La vacuna, une innovation cubaine : immunothérapie du cancer, essais cliniques et soins primaires aux marges de la globalisation
Soutenance de thèse de doctorat en santé et sciences sociales de Nils Graber
26 septembre 2019, 13h
EHESS, salle 2, 105 boulevard Raspail, 75006 Paris
Jury
- Maurice Cassier, directeur de recherche, CNRS
- Arachu Castro, professeure, université de Tulane (rapportrice)
- Pierre-Benoît Joly, directeur de recherche, Inra (rapporteur)
- Jean-Paul Gaudillière, directeur de recherche, EHESS, Inserm
- Ilana Löwy, directrice de recherche émérite, Inserm (directrice de thèse)

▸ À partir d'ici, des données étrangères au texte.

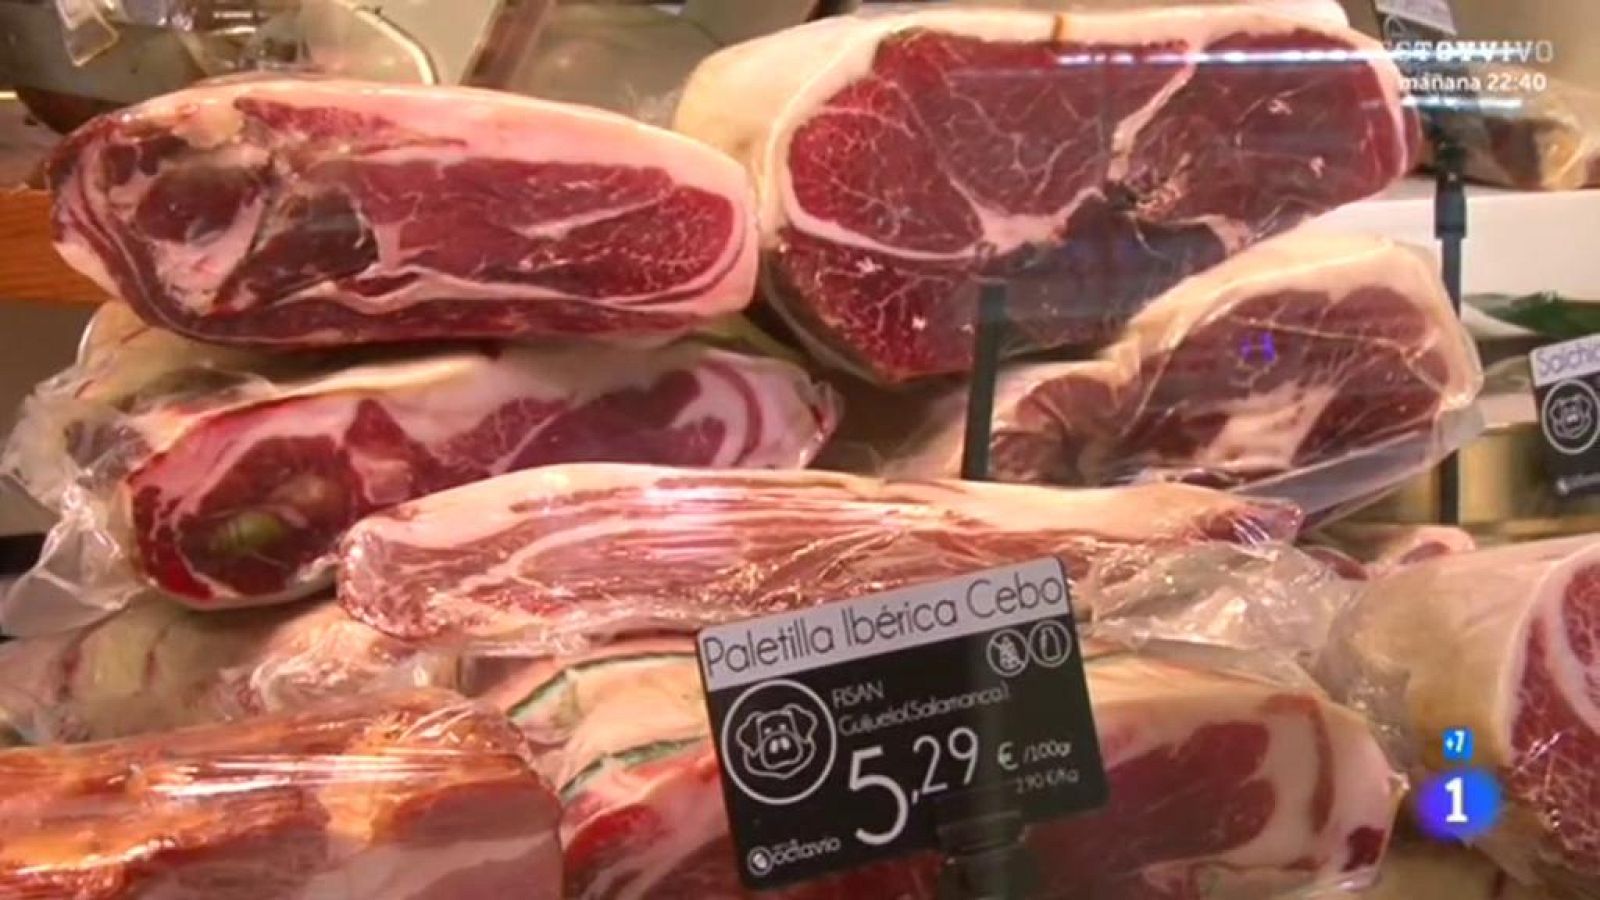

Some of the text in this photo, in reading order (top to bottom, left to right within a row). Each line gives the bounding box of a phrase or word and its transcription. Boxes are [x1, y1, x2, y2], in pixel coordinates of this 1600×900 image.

[702, 574, 1064, 677] Paletilla Ibérica Cebo

- Anne Marie Moulin, directrice de recherche émérite, CNRS
Résumé
Depuis son émergence dans les années 1980, l’industrie des biotechnologies de Cuba développe des médicaments destinés à la fois à être exportés et à alimenter le système de santé national. Parmi les projets d’innovation, l’immunothérapie du cancer détient une place centrale. Ce domaine de la thérapie anticancéreuse est centré sur la mobilisation des mécanismes immunologiques pour tenter de détruire ou d’endiguer la tumeur. Depuis 2010, plusieurs traitements sont rendus accessibles à large échelle dans le pays par la mise en œuvre d’essais cliniques étendus aux centres de santé primaire, les polycliniques, où travaillent notamment des médecins généralistes. Outre la politique d’accès, l’objectif de cette intervention est d’évaluer la transformation du cancer (avancé) en une maladie chronique. Il s’agit d’un dispositif tout à fait inédit. Sur le plan international, si l’immunothérapie du cancer figure aussi parmi les domaines les plus à la pointe de l’oncologie, il s’agit de traitements particulièrement chers, dont l’accès, réservé au niveau hospitalier, se heurte à des problèmes de financement. Associant observations ethnographiques et études des réseaux de collaboration, ce travail explore le processus d’innovation en immunothérapie du cancer à Cuba dans la tentative de conciliation de la politique industrielle et des objectifs de santé publique. En mobilisant le terme local de vacuna employé pour se référer à ce type de traitement, il s’agit d’interroger la spécificité épistémique et les multiples compréhensions de l’immunothérapie du cancer, entre chercheurs industriels, oncologues et professionnels de la santé primaire. La vacuna prend forme au travers de pratiques, ancrées dans les institutions publiques, visant constamment à concilier des dimensions en tension, entre objectifs économiques et de santé publique, biomédecine et soins primaires, entre suivi des normes globales et prise en compte des particularités locales, ce qui est source d’innovations multiples et modulables, susceptibles de circuler dans les pays du Sud et du Nord.